Trump quiere su guerra, como la quisieron otros, sean repúblicanos o demócratas. La industria bélica en Estados Unidos supera los 40 mil millones de dólares anuales y renueva el espíritu nacionalista que ayuda a ganar elecciones y encajonar burocráticos reclamos parlamentarios.
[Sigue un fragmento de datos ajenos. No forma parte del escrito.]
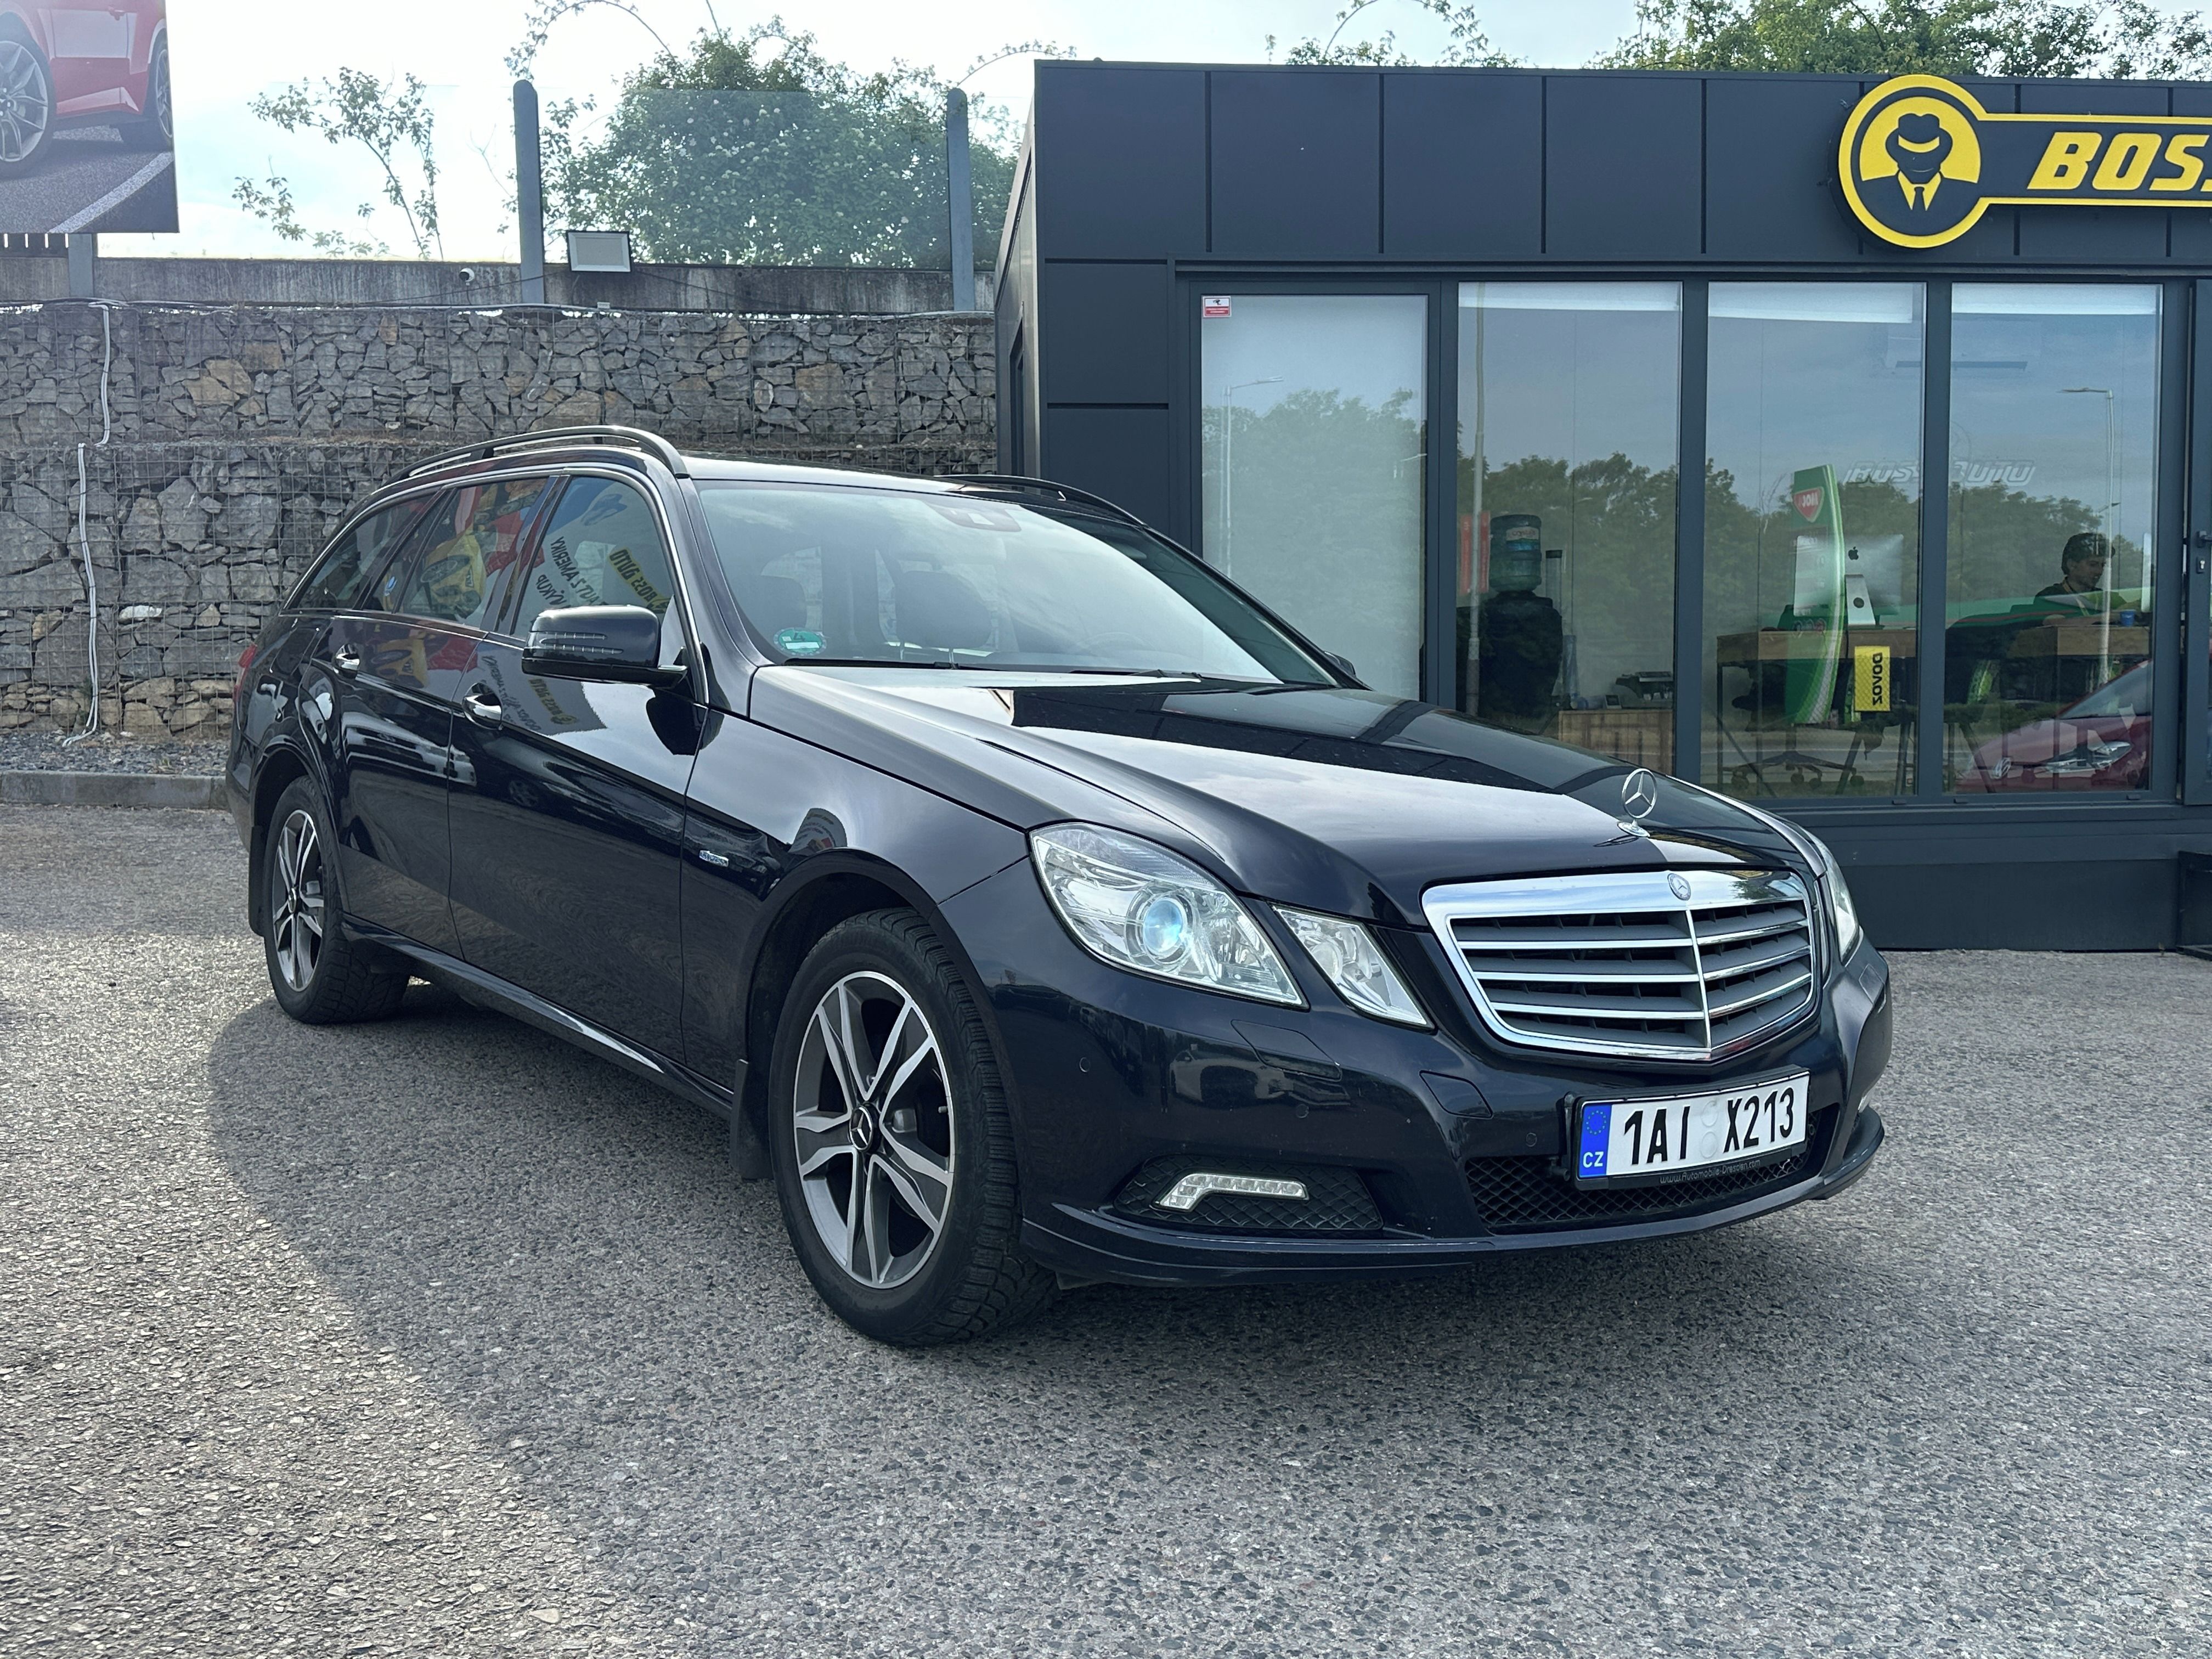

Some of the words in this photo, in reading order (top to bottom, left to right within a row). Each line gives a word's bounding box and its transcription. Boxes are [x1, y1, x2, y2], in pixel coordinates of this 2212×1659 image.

[2027, 132, 2212, 191] BOS
[1843, 460, 1918, 484] BOS
[793, 632, 806, 641] 4
[1723, 1087, 1794, 1153] X213
[1583, 1150, 1604, 1168] CZ
Según el sitio de finanzas Bloomberg, el gobierno de Trump puso en dudas un eventual respaldo al acuerdo de Argentina con el FMI por el asilo del gobierno de Alberto Fernández al presidente derrocado en Bolivia, Evo Morales. La política internacional en el patio trasero es un espacio de negociación que la Casa Blanca resuelve a nalgadas. Ya no necesitan del consenso de Whashington ni de un plan Cóndor para que un farsante en las oficinas de la OEA formalice la estafa que busca blanquear a los déspotas del Palacio del Quemado en la Paz. Lo que nunca resignarían es la violencia física, institucional, moral y clasista, como un acto de poder extorsivo que la burguesía colonizada festeja en los salones de la Embajada norteamericana. Los mismos que pedirán reverencias a la moral de un primer mundo instigador de guerras en tierras extranjeras, antes de cerrar las fronteras donde ahogan sus muertes los padres y los hijos que huyen en vano de las balas.
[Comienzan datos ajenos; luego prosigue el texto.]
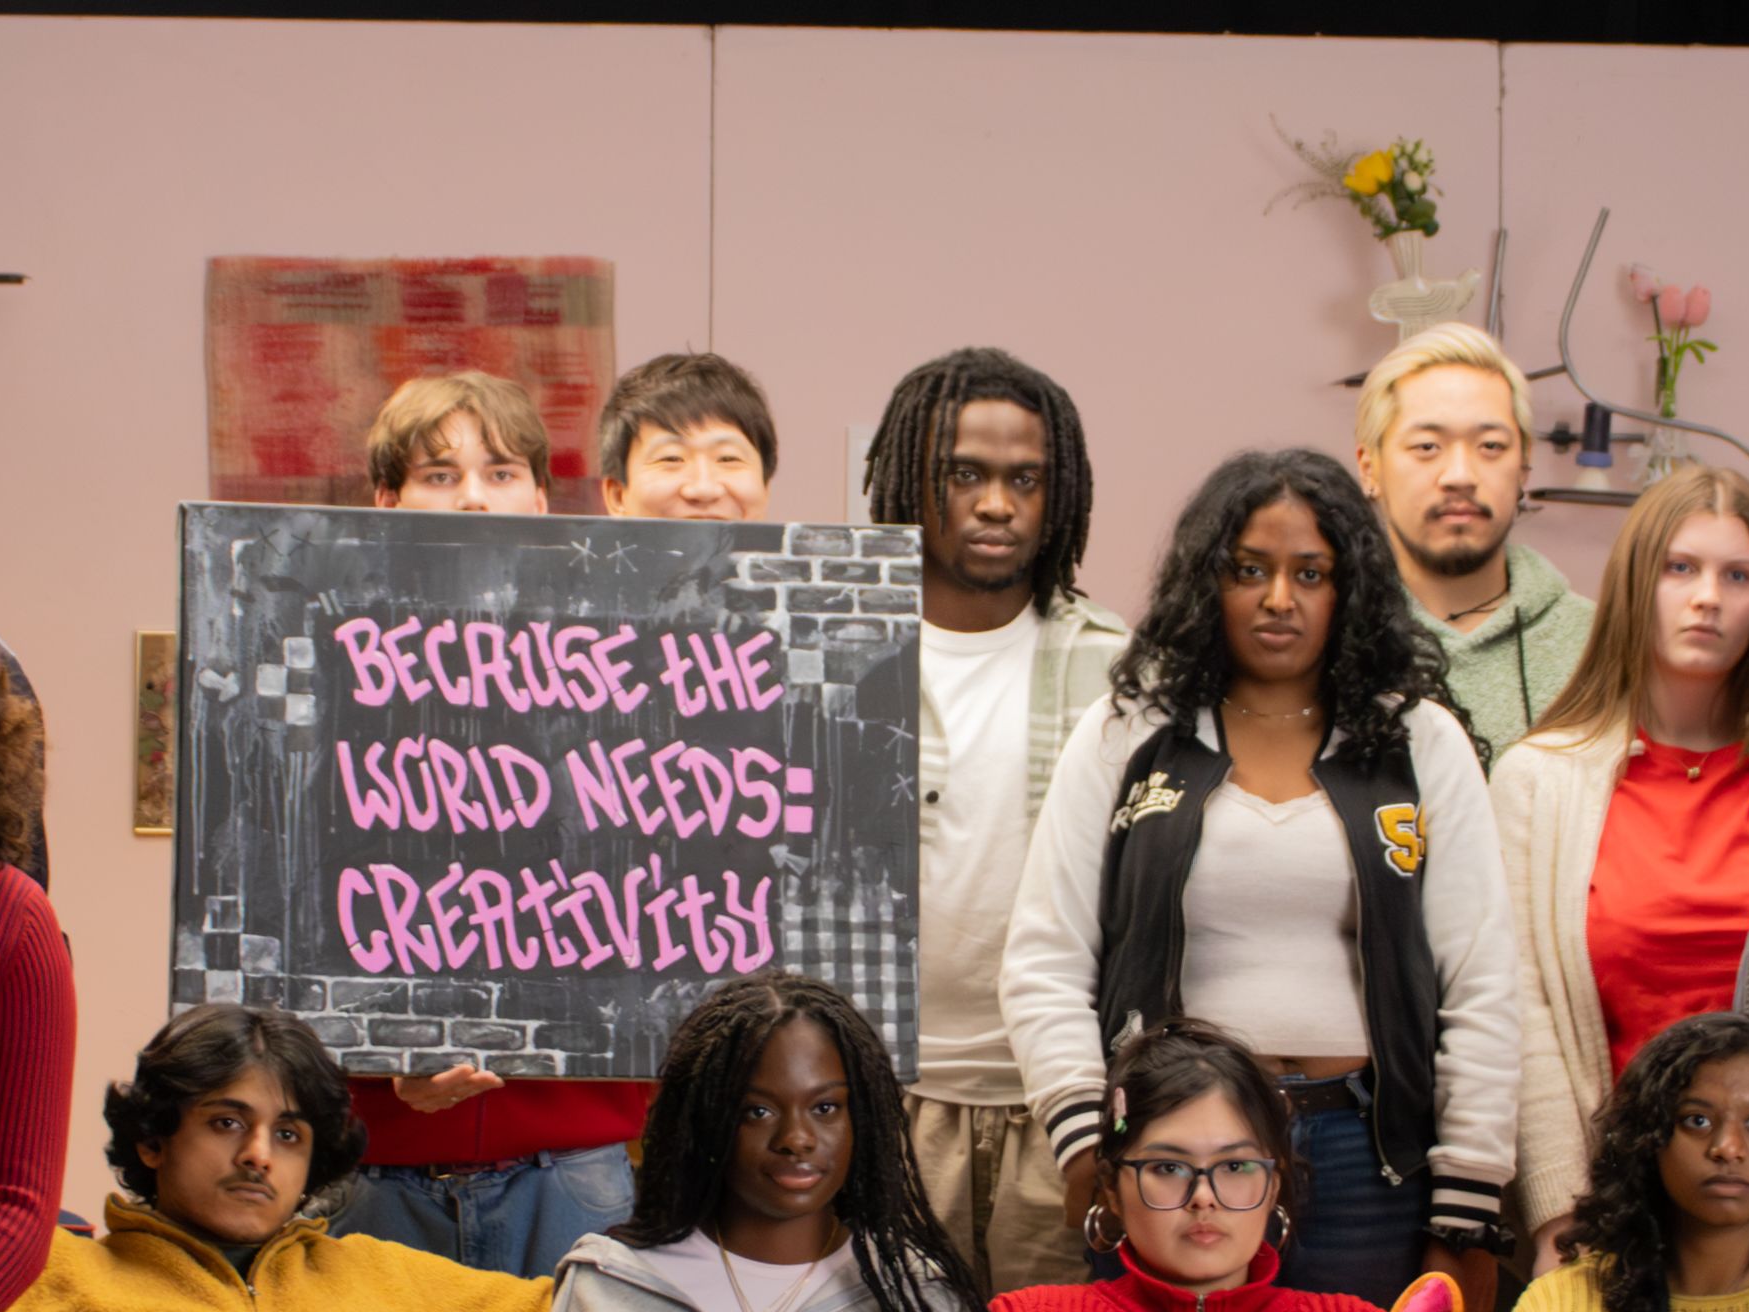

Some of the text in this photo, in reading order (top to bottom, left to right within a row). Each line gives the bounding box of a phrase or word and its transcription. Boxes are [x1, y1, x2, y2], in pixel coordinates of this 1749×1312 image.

[334, 616, 650, 714] BECAUSE
[336, 734, 814, 840] WORLD NEEDS:
Trump no lee libros pero ha publicado varios, la mayoría para aconsejar a quienes buscan alcanzar el sueño americano de las finanzas. Es adicto a las horas de televisión y utiliza su cuenta de Twitter para descargar un pensamiento mordaz de parroquiano de bar. Así calificó de “pequeño hombre cohete” al dictador norcoreano Kim Jong Un, advirtió sobre “el desorden” que provocarían “las personas transgéneros como soldados” y calificó a los inmigrantes “como gente mala que debe estar fuera del país”. En las ventanas del Despacho Oval decidió colocar cortinas doradas como en sus oficinas de la Torre Trump y solo desayuna un sazonado plato de “baicon con huevos”. Podría ser el resultado natural de la cultura pop estadounidense en el poder, pero es una construcción aún más compleja que sus torres en la Quinta Avenida. El magnate con más de 4 mil millones de dólares de reservas personales puede decidir con una simple llamada telefónica la muerte de un general todopoderoso a 10.181 kilómetros de distancia y bloquear la vida financiera de un país hasta facilitar su implosión social. Lo hace mientras devora una triple de queso frente a la pantalla de un plasma que no deja de repetir su nombre cada día, a las siete de la tarde. Ladies and gentleman, vean ustedes a estos cachorros de buenas personas.

Foto: Detención de una madre y su hijo en la frontera de Estados Unidos.